- 324 Okunma
- 0 Yorum
- 0 Beğeni
Butlan 9
Bu durumda sistem çok miktarda aksar. Kargaşa sisteme egemen olur. Huzursuzluk, hırsızlık, darplar, gasplar artar vs. Köleci sistemde sömürü bitmeyen tükenmeyen bir enerji kaynağına dönüşür.
Kaynaklar bozuk sistemin sürmesine harcanır. Bura da önemli olan sömürenin selametidir. Sömürü için gerekiyorsa Roma yakılır.
Düzen sağlama için ortaya konan yönetim, düzensizliğin sürdürülmesi; düzensizliğin sağlanması için yapılan yönetime dönüşür. Düzen sömüren için ürettirme esasına dayandığında altta kalanın canı çıkar, Kibir artar. Sınıflar ortaya konup ayrışır.
Kişilerin birbirine göre iş yapamaz olmasıyla, köleci sistemde iflas gibi yeni olgular ortaya çıkar. İflaslar ortamı, “birbirine göre eylemle olmanın” yeni denge süreçlerine götürecek olmakla belki herkes kendi kafasına göre kendi işini kendisi açamaz olacaktır. Fakat sömüren sistemin yönetimi buna izin vermez.
Kendi işini kendi açma yalnızlaşması ve soyutlaması karşılıklı yardımlaşan bağıntı olamamakla sömürü yapana göre yardımlaşan süreç olur. Sömürene göre yardımlaşma ortaya koyan sürecin kolektif liginin verimsiz kalma olasılığı çok yükseltir.
Oysa kolektif alanda kök nüve olarak “bir kişi beş kişiye bağlanımla transfer enerjilerini yüklenmeliydi. Kolektif sistemin kişilerine depo enerji garantisini vermesi; kendisini amorti etmesi; kolektif tasarımını yapması; araştırma geliştirmesini yapması; sosyal vasfının vs. karşılanmasının hepsi kolektif dengeli transferler içinde öngörülüdürler.
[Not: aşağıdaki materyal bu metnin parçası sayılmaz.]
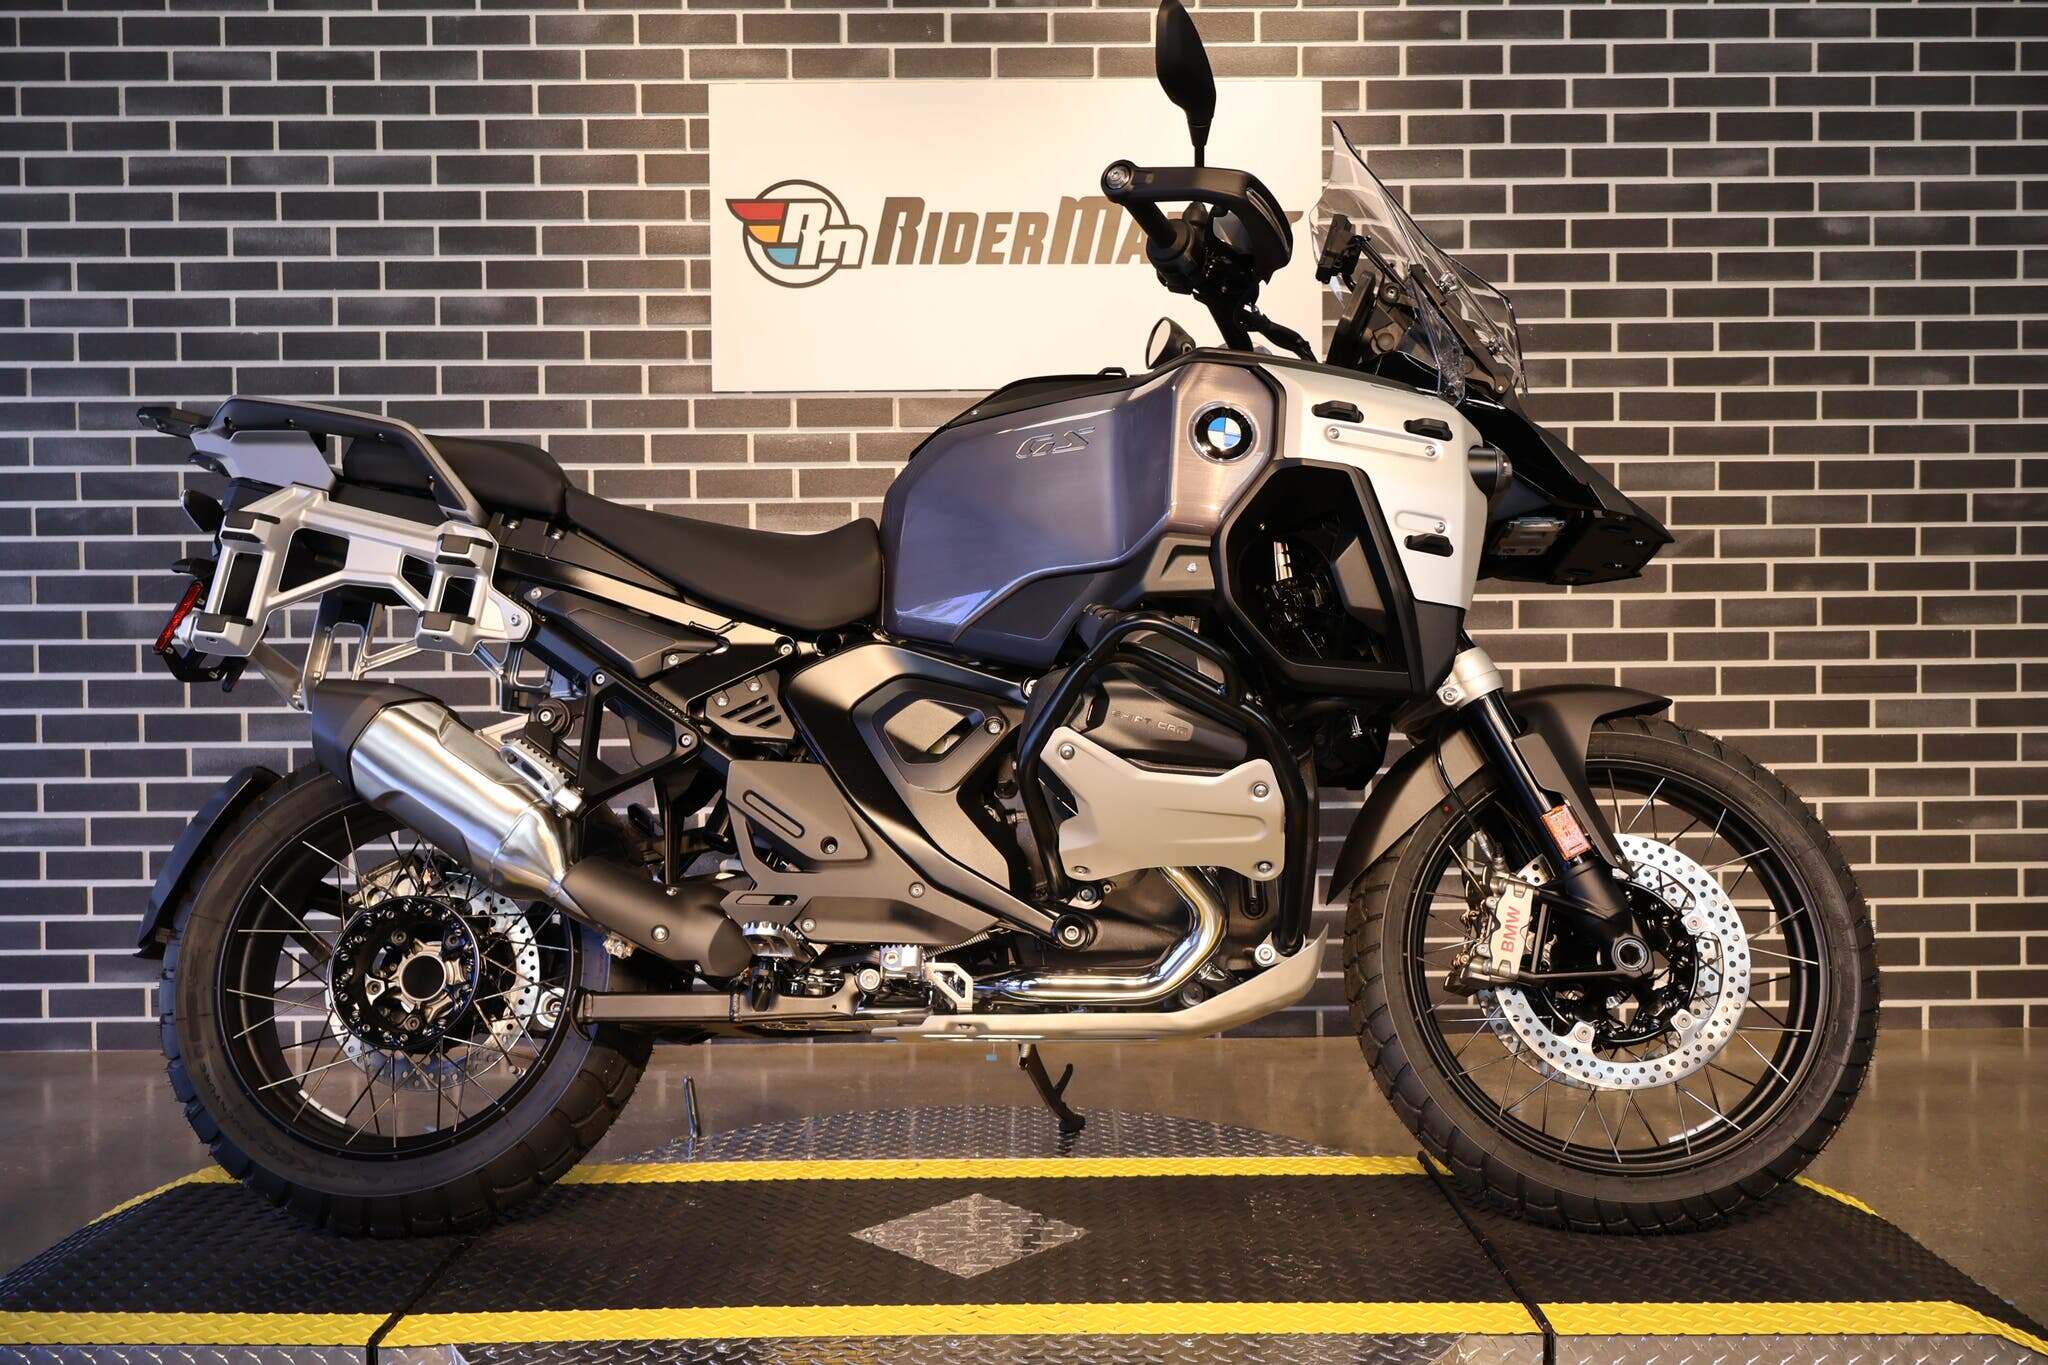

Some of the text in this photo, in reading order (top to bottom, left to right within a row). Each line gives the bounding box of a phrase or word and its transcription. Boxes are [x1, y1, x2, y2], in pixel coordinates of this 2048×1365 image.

[871, 196, 1304, 265] RIDERMA
[1015, 426, 1096, 459] GS
[1501, 905, 1521, 953] BMW
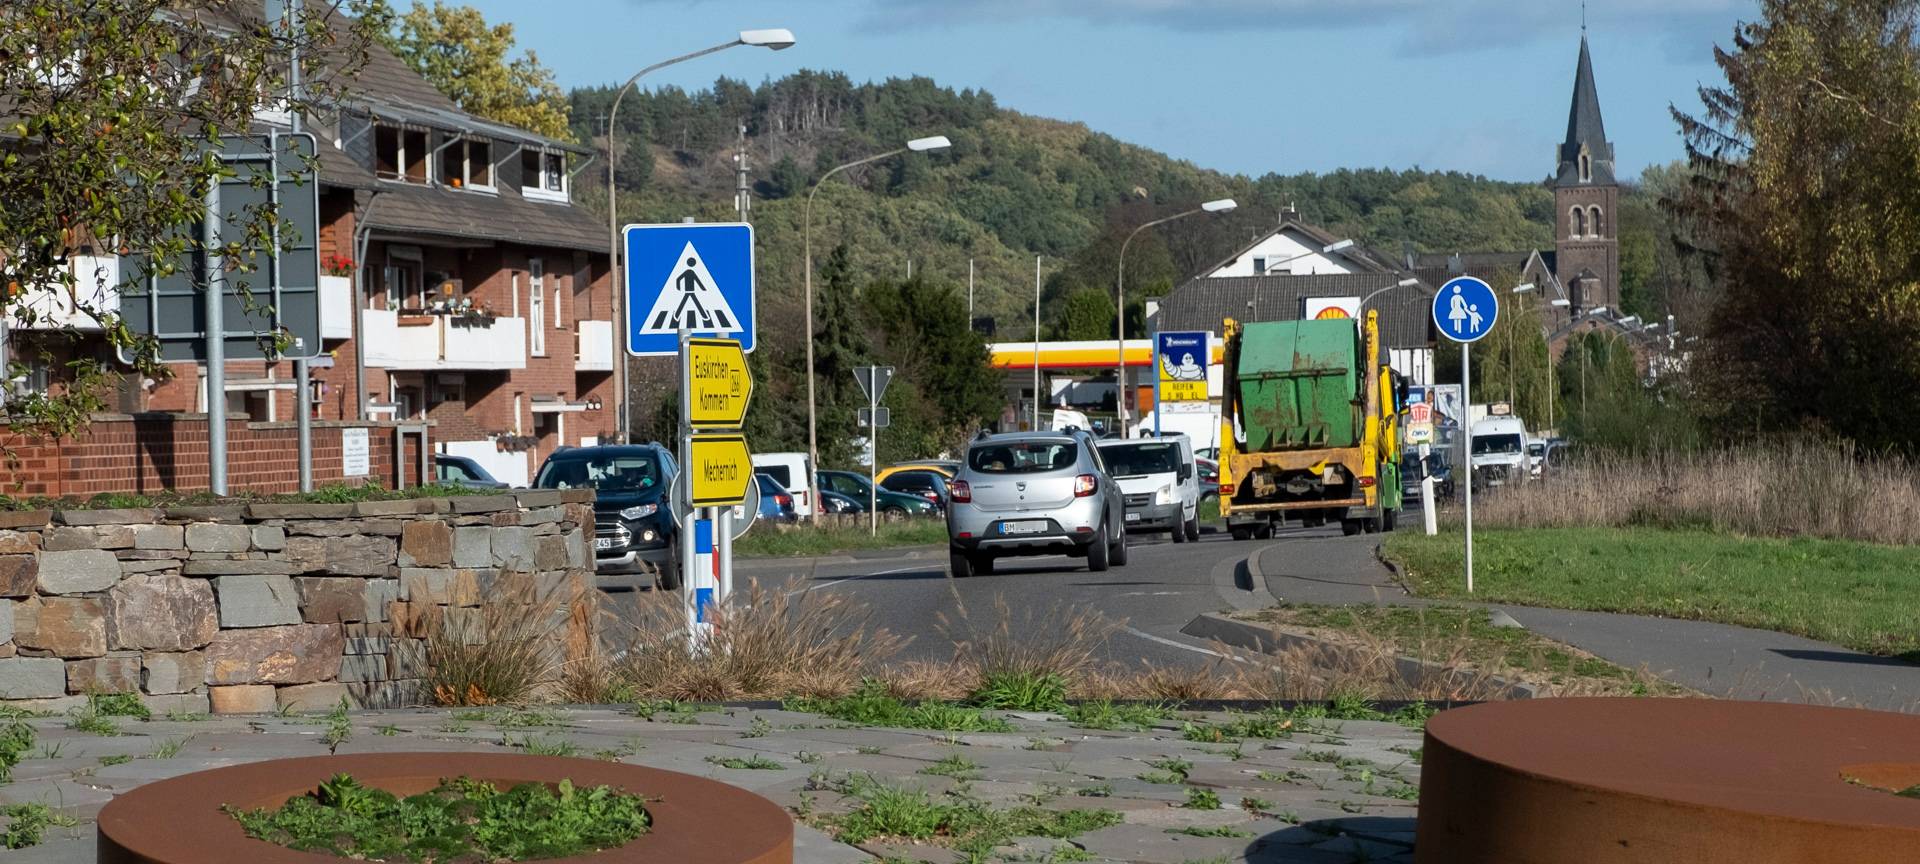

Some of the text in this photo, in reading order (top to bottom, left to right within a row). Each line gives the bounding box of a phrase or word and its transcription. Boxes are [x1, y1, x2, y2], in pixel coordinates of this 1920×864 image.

[695, 354, 729, 379] Euskirchen
[731, 374, 740, 392] 266
[700, 386, 729, 411] Kommern
[704, 457, 738, 481] Mechernich
Kendi işini kendi kurma prensibi “kolektif güvenceyi çökerteceğinden” kişiler gemisinin kurtarmanın kaptanı olmakla hoyratlaşır. Kırıcı, yıpratıcı davranır. Kolektif sistem içinde 6 kişinin zorunlu olarak 6 parça sağlaması olmakla siz kolektif alanda 6.6=36 parça iş sağlaması üretmek zorundaydınız. Diğer enerji karşılanmalarını şimdilik parantez içine alıyoruz.
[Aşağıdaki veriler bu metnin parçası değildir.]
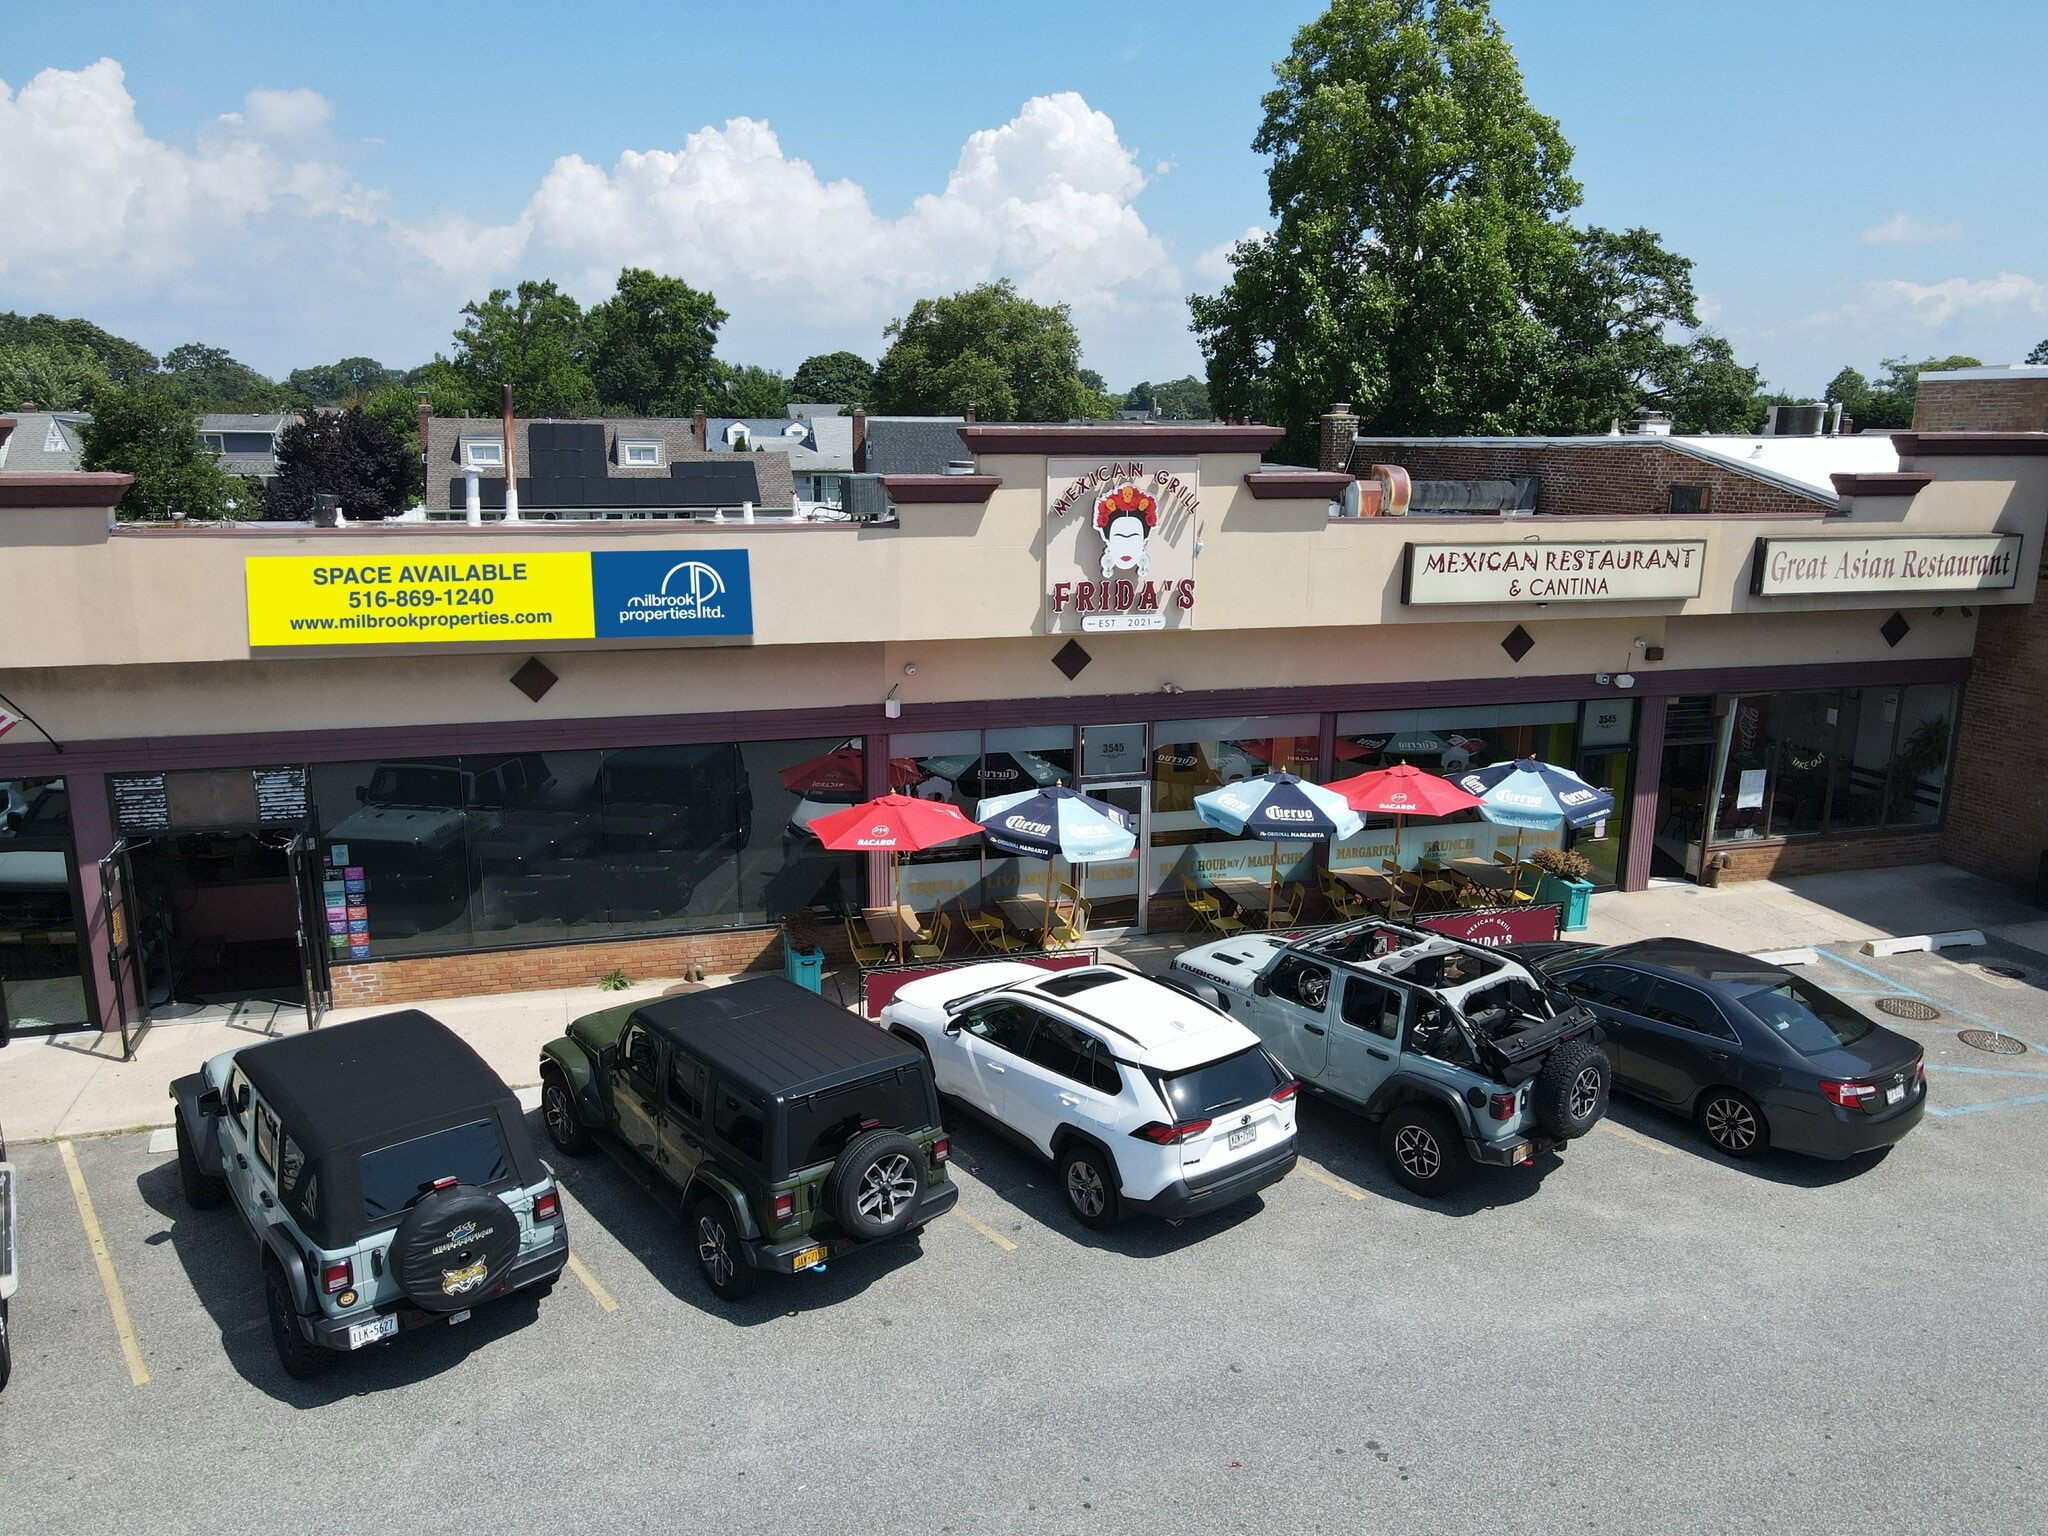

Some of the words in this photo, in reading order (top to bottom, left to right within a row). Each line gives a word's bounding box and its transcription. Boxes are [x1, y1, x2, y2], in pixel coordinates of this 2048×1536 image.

[1052, 461, 1144, 517] MEXICAN
[1154, 469, 1201, 515] GRILL
[1421, 550, 1540, 576] MEXICAN
[1545, 547, 1697, 572] RESTAURANT
[1770, 550, 1828, 585] Great
[1833, 549, 1894, 579] Asian
[1899, 548, 2012, 578] Restaurant
[313, 566, 392, 585] SPACE
[399, 563, 527, 584] AVAILABLE
[1053, 579, 1196, 613] FRIDA'S
[1509, 579, 1522, 597] &
[1529, 577, 1609, 597] CANTINA
[348, 588, 494, 609] 516-869-1240
[627, 593, 695, 607] milbrook
[290, 608, 552, 631] www.milbrookproperties.com
[619, 607, 696, 624] properties
[702, 606, 725, 618] ltd.
[1098, 619, 1119, 628] EST.
[1128, 618, 1151, 628] 2021
[1598, 714, 1617, 724] 3545
[1103, 743, 1125, 753] 3545
[1495, 789, 1543, 804] Cuervo
[1265, 805, 1313, 820] Cuervo
[1005, 815, 1052, 834] Cuervo
[1019, 844, 1049, 855] MARGARITA
[1198, 859, 1226, 871] HOUR
[1466, 917, 1494, 936] MEXICAN
[1496, 918, 1511, 932] GRILL
[1180, 963, 1231, 987] RUBICON
Bu durumda kolektif sistemin gün boyu eylemi 12/ 36 =0,3333’lük bir kolektif çarpanla ve kişilerin kazandığı kolektif bağ enerjisiyle sistem hızlanacaktır. Tekil kişi eylemi içinde hiç bir zaman kolektif çarpan hızlanması gerçekleşemez. Es kaza gerçekleşen de kolektif ortamla yalıtılamadığından kaybolur. Kolektif oluşun bir özelliği de yalıtımdır. Bu sentezin özelliğiydi.
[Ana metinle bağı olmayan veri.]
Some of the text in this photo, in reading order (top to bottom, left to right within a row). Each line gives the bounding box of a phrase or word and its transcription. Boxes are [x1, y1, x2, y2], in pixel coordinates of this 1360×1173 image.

Tekil durumda bir kişi günde 6 parçalı eylemleydi. Kolektif alanda bir kişi en az 2 kişilik sosyal durum karşılamasıyla 2.6 =12 parçalı kolektif sağlamayla olur. Buna göre 6 kişi 72 saatlik sağlama güvencesi yine 12 saatte transfer karşılatmasıyla olacaktı.
Yani 6 kişi 12 saatte 72 saatlik iş karşılaması yaparlar. Ama gün boyu süreyi yani bir günü 72 saat yapamazlar. Gün boyu olan süre, sanal olarak ve üssü değerle 72 saattir. Kolektif ortam bu anlatıma göre 6 çarpı 12 çarpanıyla belirlenir ve hızlanır.
Köleci inşa bu çarpanlar üzerine inşa olmakla sömürüyle vardır. Ama bu çarpanların sağlatmasını aç kalmanız; ölmeniz pahasına yapmazlar. Çünkü sağlatması yapılmayan ihtiyaçlarınızla sizleri muhtaç kılarlar. Muhtaçlıklarınızı yönetirler. Kendi işini kendi kurma da bu muhtaçlıkları sürdüren kullanımdır.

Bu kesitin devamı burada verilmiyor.